The importance of epigenetic mechanisms in the pathogenesis of CMD is undeniable, as they represent a critical layer of regulation influencing inflammation, oxidative stress, and endothelial function. Mechanisms such as DNA methylation and histone modifications are pivotal for understanding the complex disease process. Following the reviewer’s suggestion, we have incorporated a brief discussion on this topic into our review to highlight its relevance. (Pag. 6 187-190)
Finally, endothelial cell markers are comprehensively described in older paper Goncharov et al. 2017 that may be included in the list of specific biomarkers of coronary microvascular diseases. What authors think about?
The review by Goncharov et al. (2017) is indeed comprehensive and provides valuable insights into endothelial markers. In our review, we have primarily focused on studies that highlight the correlation between circulating biomarkers and invasive assessments of the coronary microcirculation, which remain the gold standard for CMD evaluation. Nonetheless, we acknowledge the importance of their work and its contribution to the broader understanding of endothelial dysfunction in CMD, and we have cited it in our review. (Pag. 8 284-290)

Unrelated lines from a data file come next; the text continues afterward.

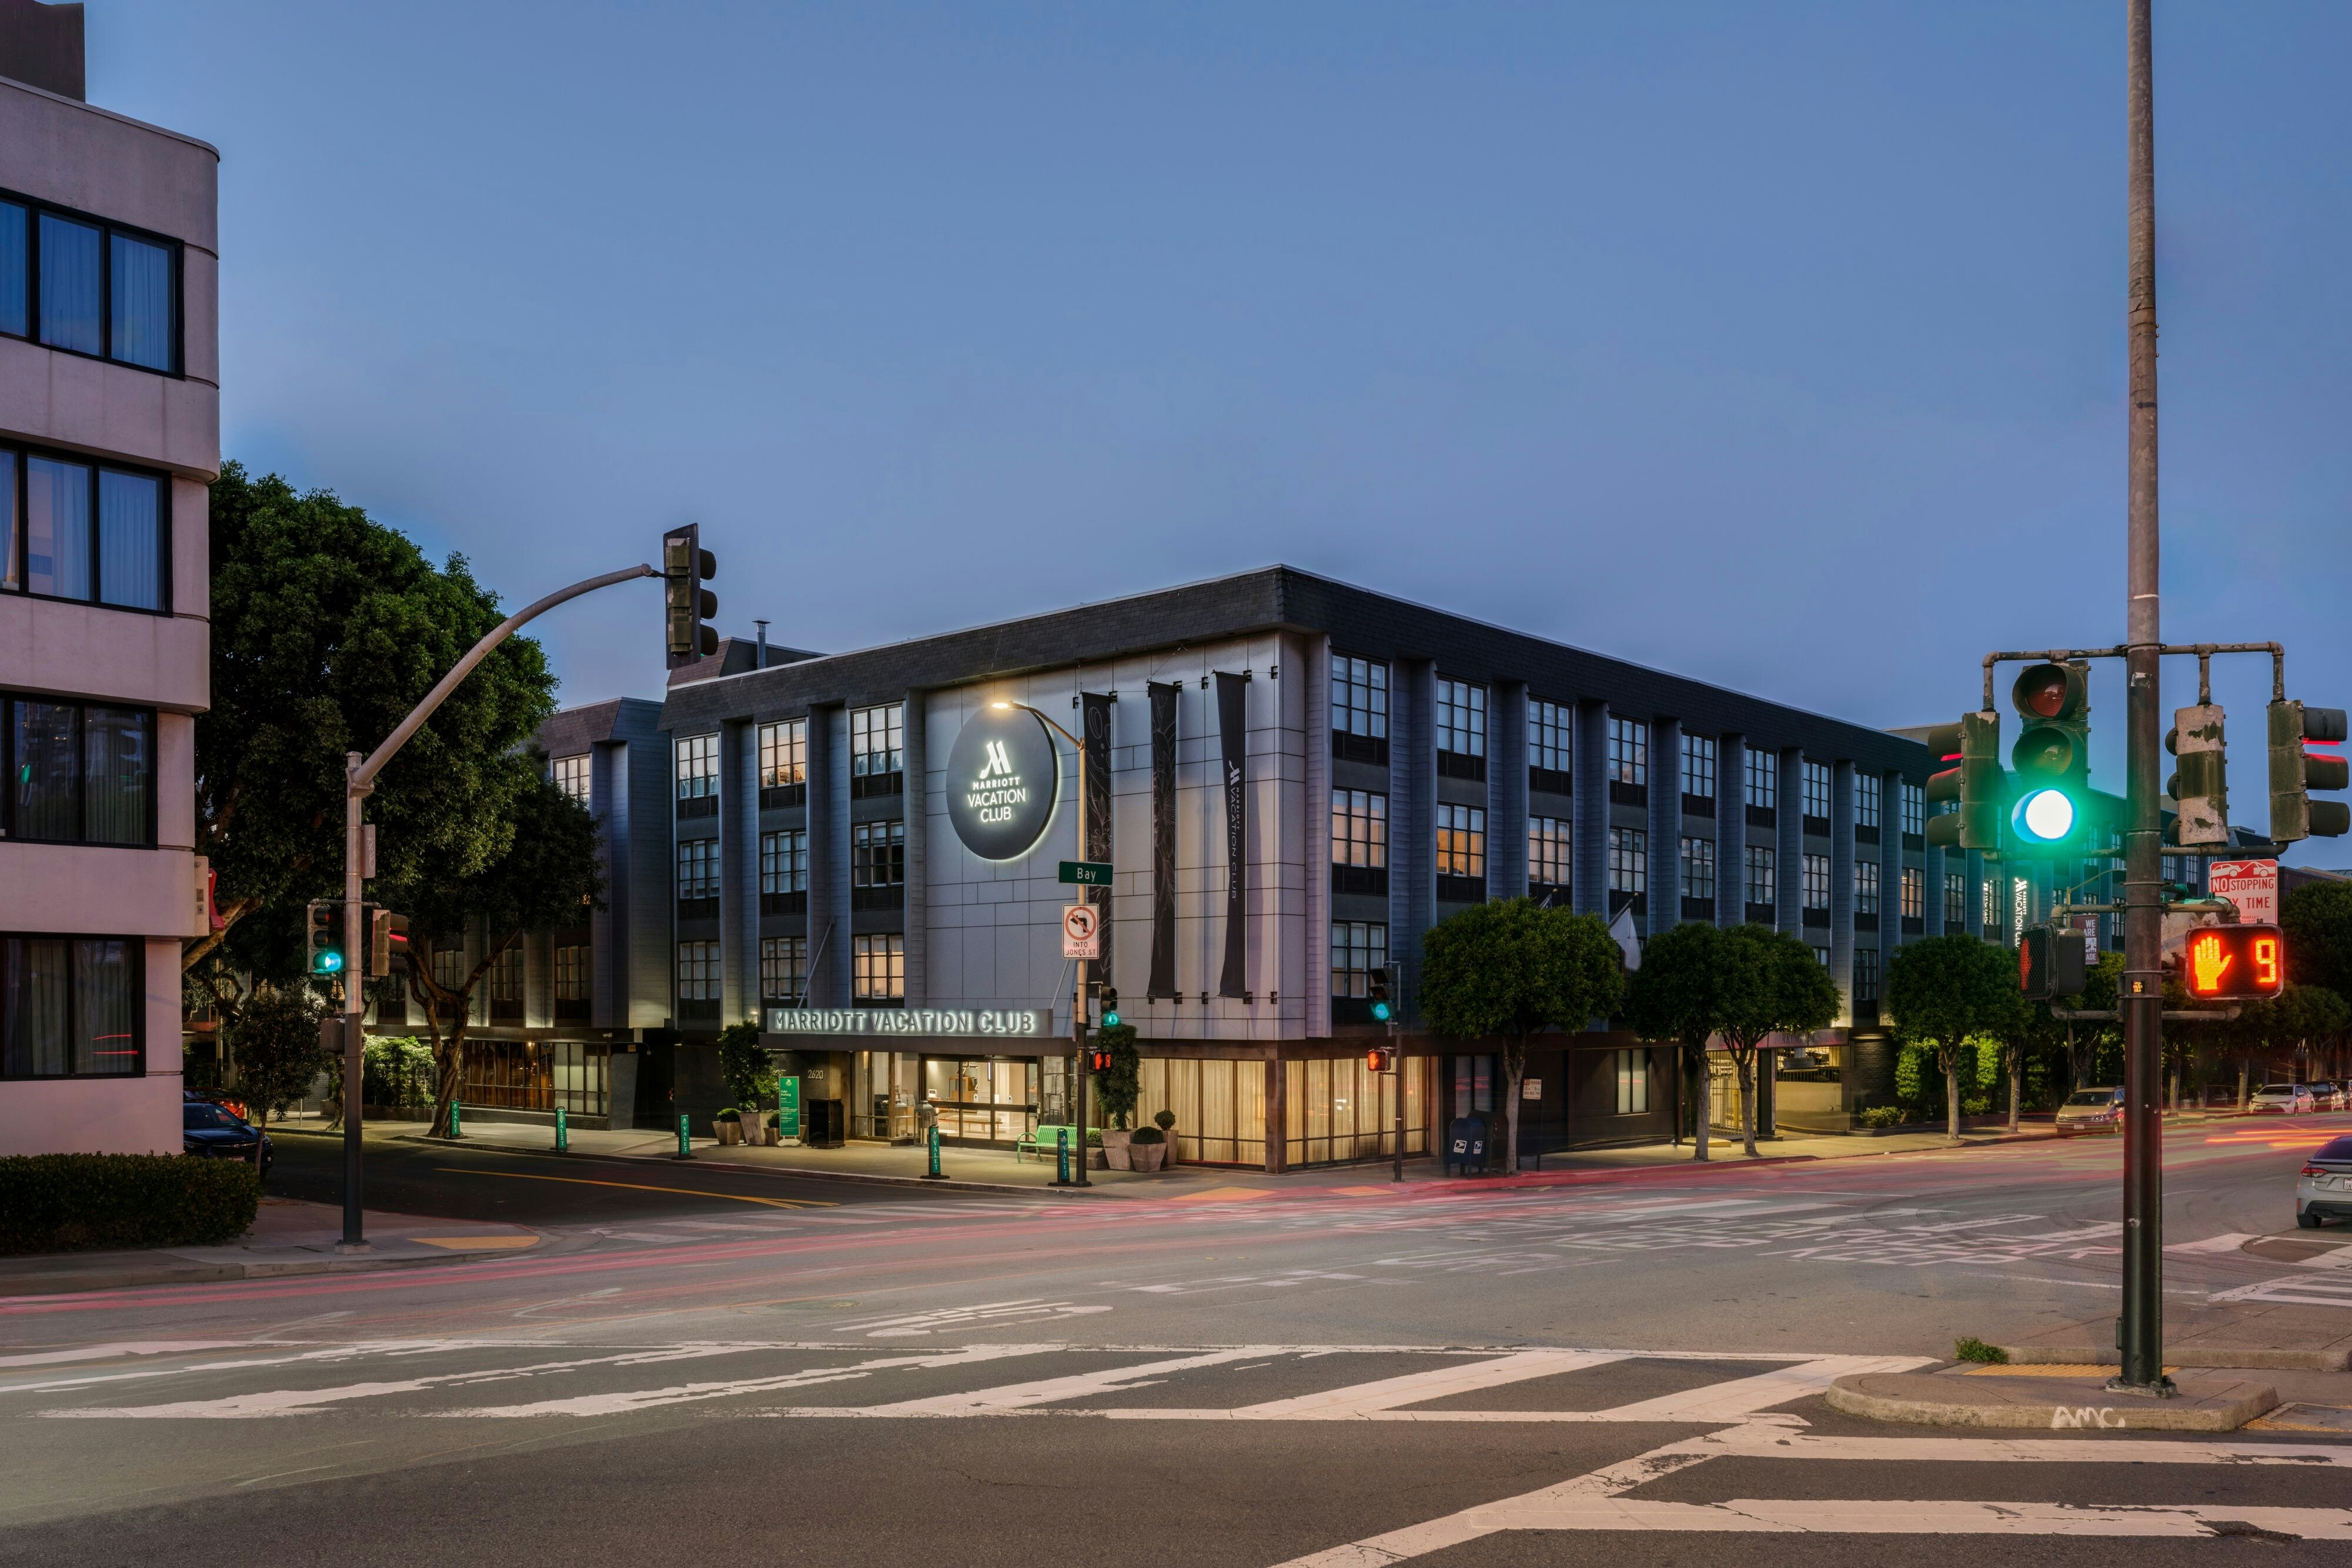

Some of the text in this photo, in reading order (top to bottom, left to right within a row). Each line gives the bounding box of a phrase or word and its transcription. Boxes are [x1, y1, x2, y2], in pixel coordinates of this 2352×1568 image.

[973, 777, 1020, 790] MARRIOTT
[967, 788, 1025, 807] VACATION
[980, 807, 1011, 823] CLUB
[1077, 867, 1096, 882] Bay
[2212, 878, 2274, 892] NO STOPPING
[2246, 897, 2270, 909] TIME
[2086, 920, 2096, 928] WE
[2083, 928, 2096, 937] ARE
[2255, 939, 2277, 983] 9
[775, 1012, 1034, 1032] MARRIOTT VACATION CLUB
[808, 1070, 823, 1079] 2620
[1628, 1219, 1887, 1241] CLEAR
[1523, 1229, 1772, 1250] KEEP
[1845, 1232, 2123, 1259] CLEAR
[1754, 1244, 2026, 1266] KEEP
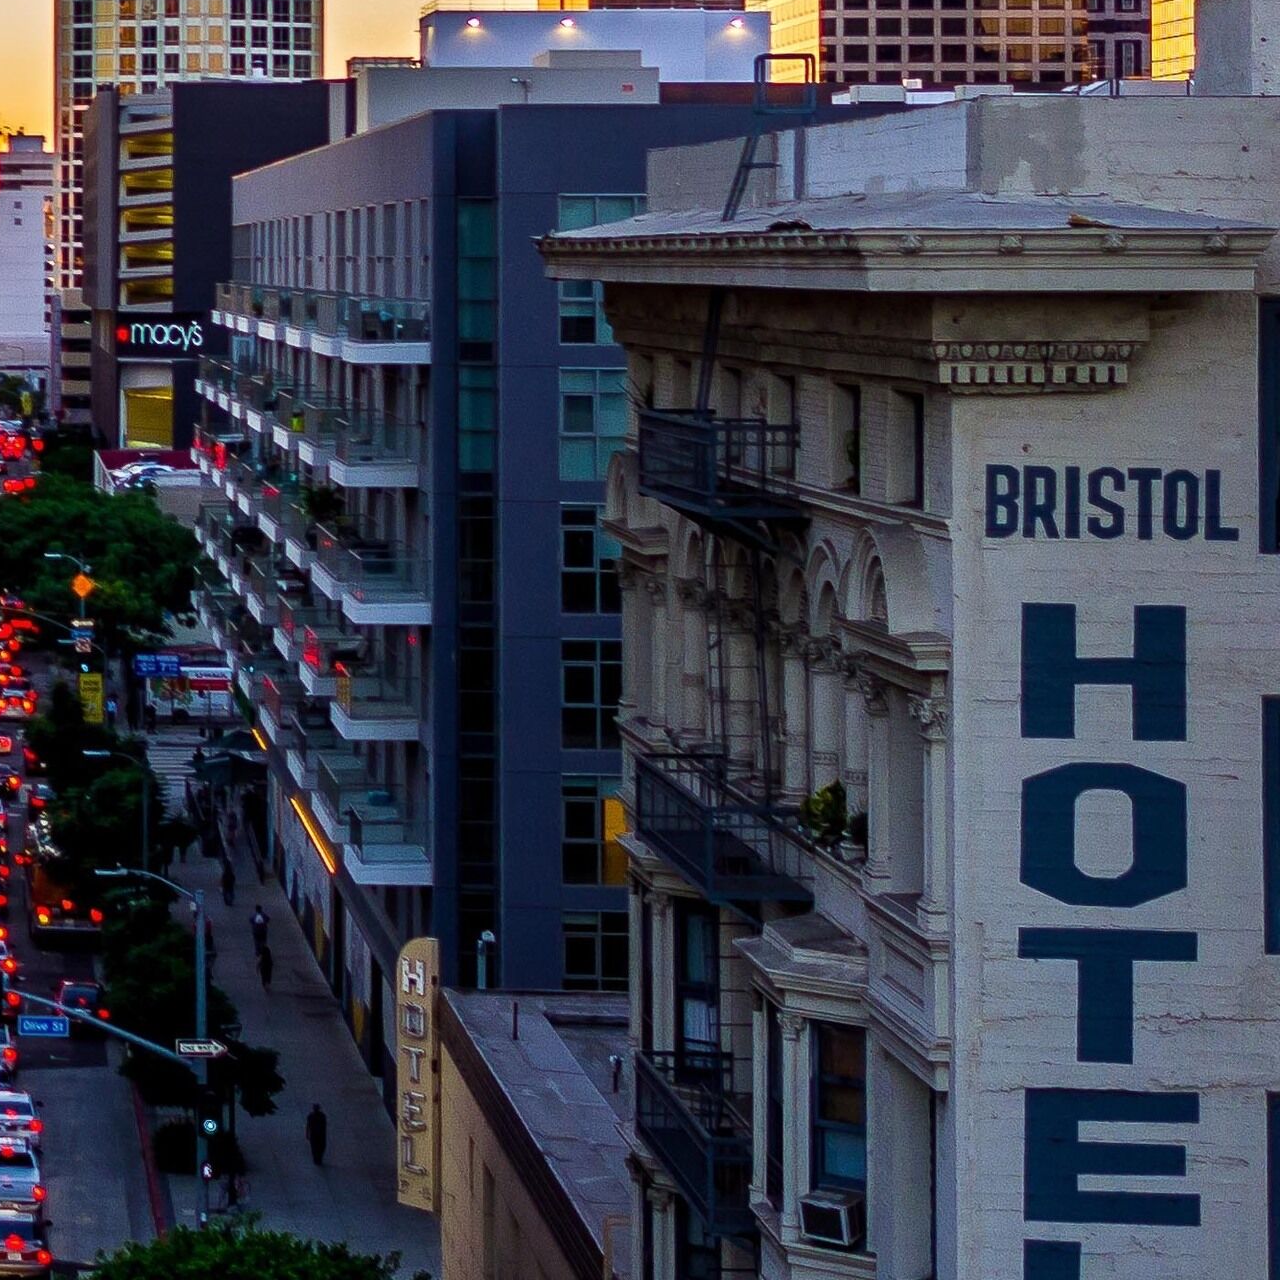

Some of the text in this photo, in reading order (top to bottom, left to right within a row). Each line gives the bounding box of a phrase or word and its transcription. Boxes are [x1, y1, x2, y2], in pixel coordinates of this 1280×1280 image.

[130, 320, 203, 351] macy's
[984, 464, 1240, 542] BRISTOL
[1018, 602, 1202, 1280] HOTE
[23, 1019, 64, 1031] Olive St
[400, 956, 426, 1176] HOTEL

It would be appreciated to increase font the font in Figure 1 and 2.
We appreciate this suggestion and have revised Figures 1 and 2 to ensure improved readability by increasing the font size.
Reviewer 4 Report
Comments and Suggestions for AuthorsThe article offer a comprehensive review of biomarkers role in coronary microvascular disease. The pathophysiology of the disease is presented and the diagnosis methods explained. Markers of inflammation, oxidative stress and endothelial dysfunction are of particular interest, proved in subjects with invasively confirmed diagnosis of microvascular dysfunction. Authors bring an interesting approach of suggesting potential therapeutic novel approaches to microvascular dysfunction.
Author Response
The article offer a comprehensive review of biomarkers role in coronary microvascular disease. The pathophysiology of the disease is presented and the diagnosis methods explained. Markers of inflammation, oxidative stress and endothelial dysfunction are of particular interest, proved in subjects with invasively confirmed diagnosis of microvascular dysfunction. Authors bring an interesting approach of suggesting potential therapeutic novel approaches to microvascular dysfunction.
We thank the reviewer for their positive feedback on our work.
Round 2
Reviewer 2 Report
Comments and Suggestions for AuthorsI approve current version of paper.